«Блажен, кто несет иго от юности своей, сядет уединенный, и будет безмолвствовать, ибо он возвысится над собою».
(Плач. Иерем. 3;27)
Блаженно и вожделенно безмолвие души и тела для того, кто имеет неусыпное попечение о чистоте внутреннего человека! Безмолвие тела являет себя в безмолвии внешних чувств или органов восприятия, а безмолвие души – в благочинии помыслов, внутренних чувств и желаний. «Безмолвник тот, кто существо бестелесное усиливается удерживать в пределах телесного дома», - говорит Иоанн, святый игумен Синайской горы. А так как существу бестелесному относится душа со своими силами, то очевидно, что безмолвником является тот, кому удается не уклоняться душой от созерцания Бога и небесных предметов и не развлекаться вниманием своим по предметам земным, заключая душу свою внутри тела как в доме.

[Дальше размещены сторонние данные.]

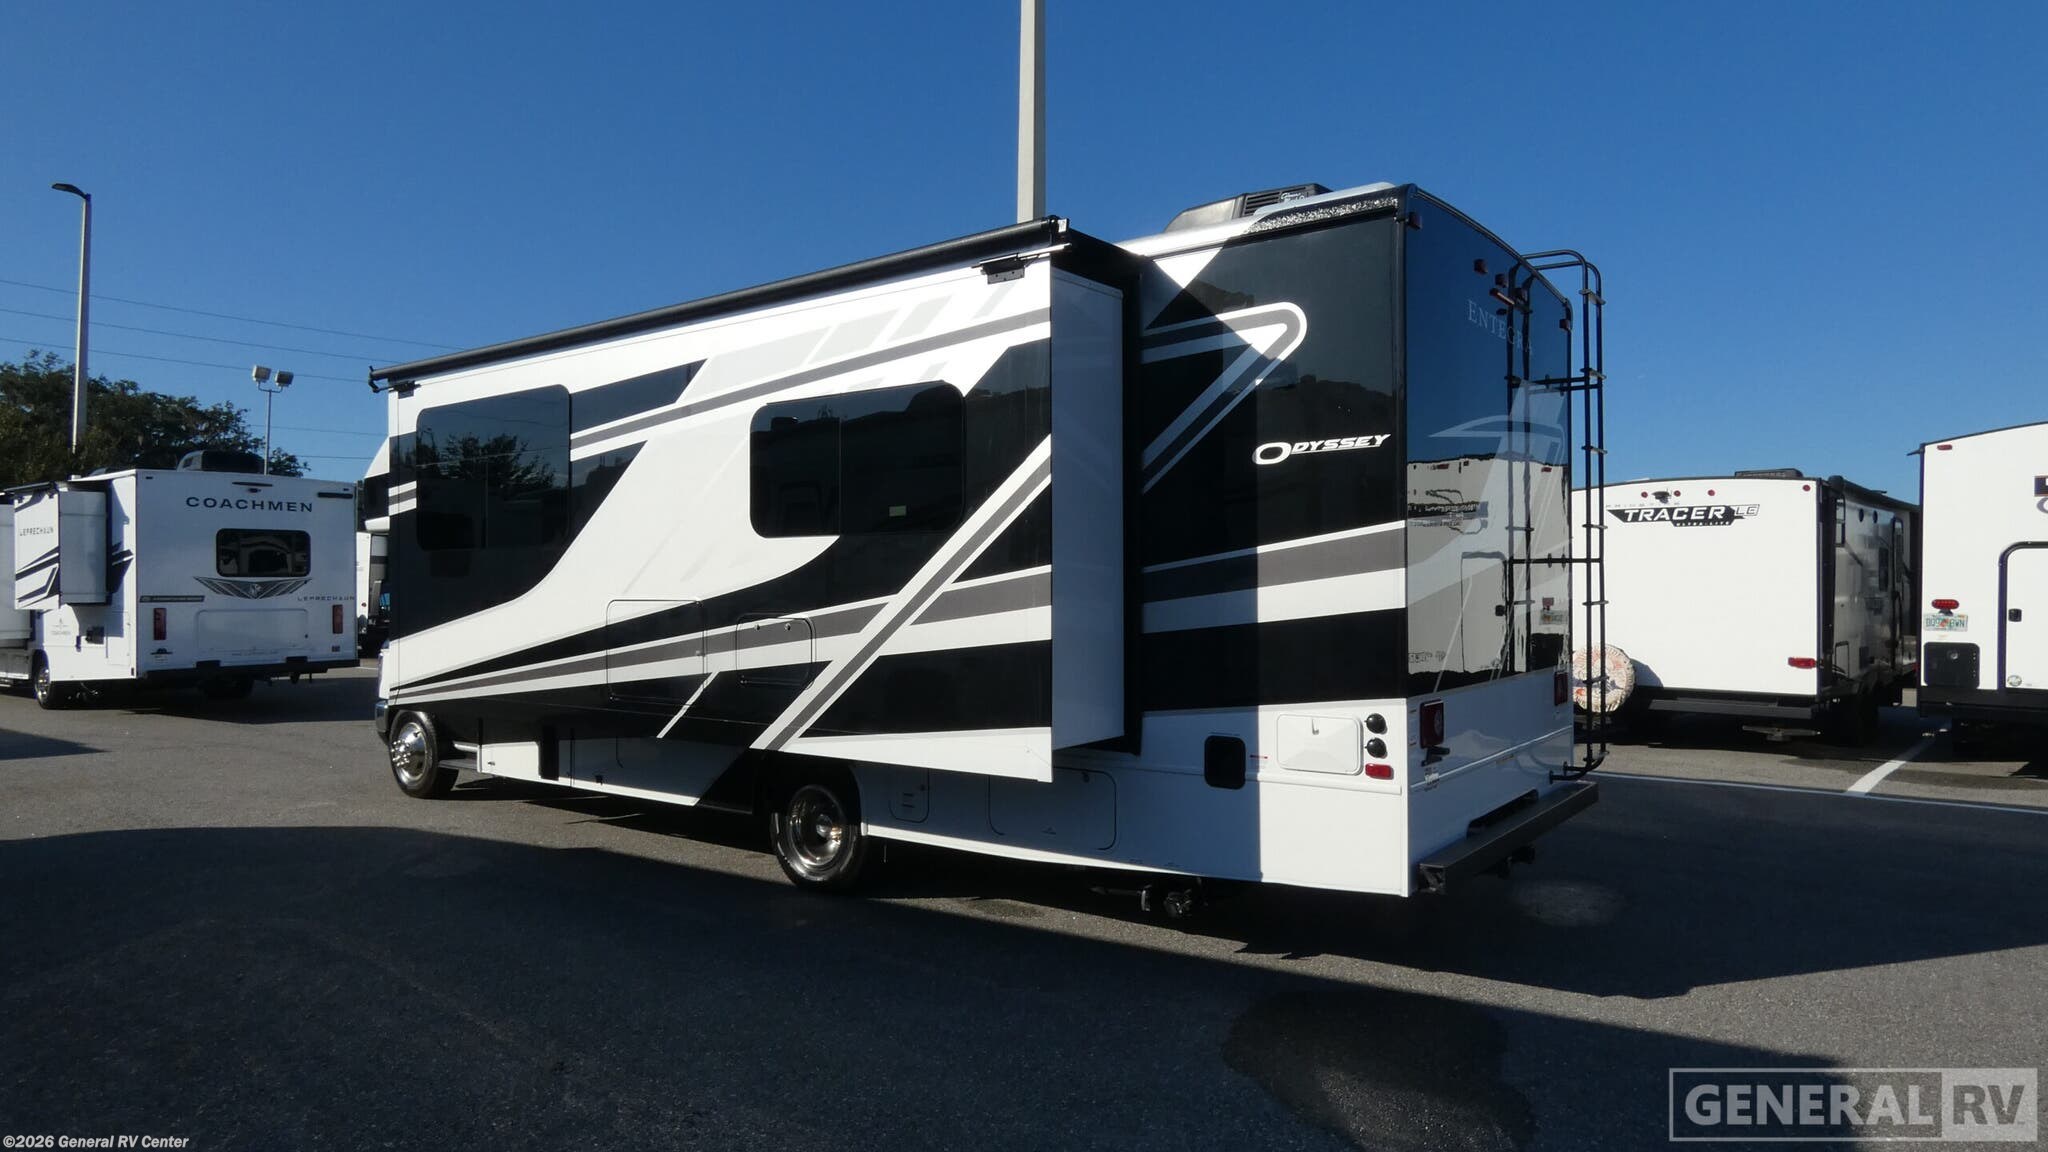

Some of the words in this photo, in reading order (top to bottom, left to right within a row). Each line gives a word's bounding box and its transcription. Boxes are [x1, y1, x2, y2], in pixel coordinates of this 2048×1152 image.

[1252, 434, 1391, 465] ODYSSEY
[186, 496, 313, 513] COACHMEN
[1623, 506, 1726, 521] TRACER

Основоположник христианского отшельничества заповедует удаляться шумного многолюдства, дабы сердце и ум смогли избежать смущения, «ибо где люди, там смятение». Смятение возникает вследствие соблазнов, которыми исполнен мир. Постоянное же пребывание близ соблазнов дает возможность проникать в душу греховным впечатлениям, отвлекающим от духовного трезвения. «Соблазн, находясь пред нами или вблизи нас, - говорят Отцы, - по необходимости найдет сочувствие себе в нашем греховном повреждении и произведет на нас впечатление. Впечатление это может быть и не примеченным, но когда оно разовьется и усилится в человеке, тогда возобладает им и может поставить на край погибели. Иногда впечатление соблазна действует и весьма быстро, не дав, так сказать, опомниться или одуматься искушаемому: мгновенно омрачает ум, изменяет расположение сердца, ввергает в падение и падения». Поэтому существует необходимость удаляться насколько это возможно от всех соблазнов и хранить в уединении свои чувства от всего развлекающего внимание. «Кто живет в пустыни и безмолствует, тот избавлен от трех браней: от брани через слух, от брани через язык и от брани через видение того, что может уязвлять сердце его», - говорит преп. Антоний. Уход в пустынные места необходим нам для того, чтобы при недостатке чувственных восприятий «обновился в нас внутренний, духовный о Христе человек, чтобы на всякий час быть нам наблюдателями над самими собою и чтобы ум наш соделался бодрственным и охранял себя ежечасно».
Согласно закону подвижничества сначала должны быть расторгнуты узы вещества, которыми человек связан извне, чтобы можно было приступить к расторжению внутренних уз, которыми духи злобы связали ум и сердце. Именно в уединении укрепляется благое произволение ко спасению, так как при постоянном разжжении греховного естества впечатлениями мира победа над страстями невозможна, ибо «множество развлечений рождает множество грехов по причине множества встречающихся случаев ко греху», от которых огражден уединенный. И «пока человек не удаляется от того, от чего сердце его приходит в смятение, врагу всегда есть удобство напасть на него».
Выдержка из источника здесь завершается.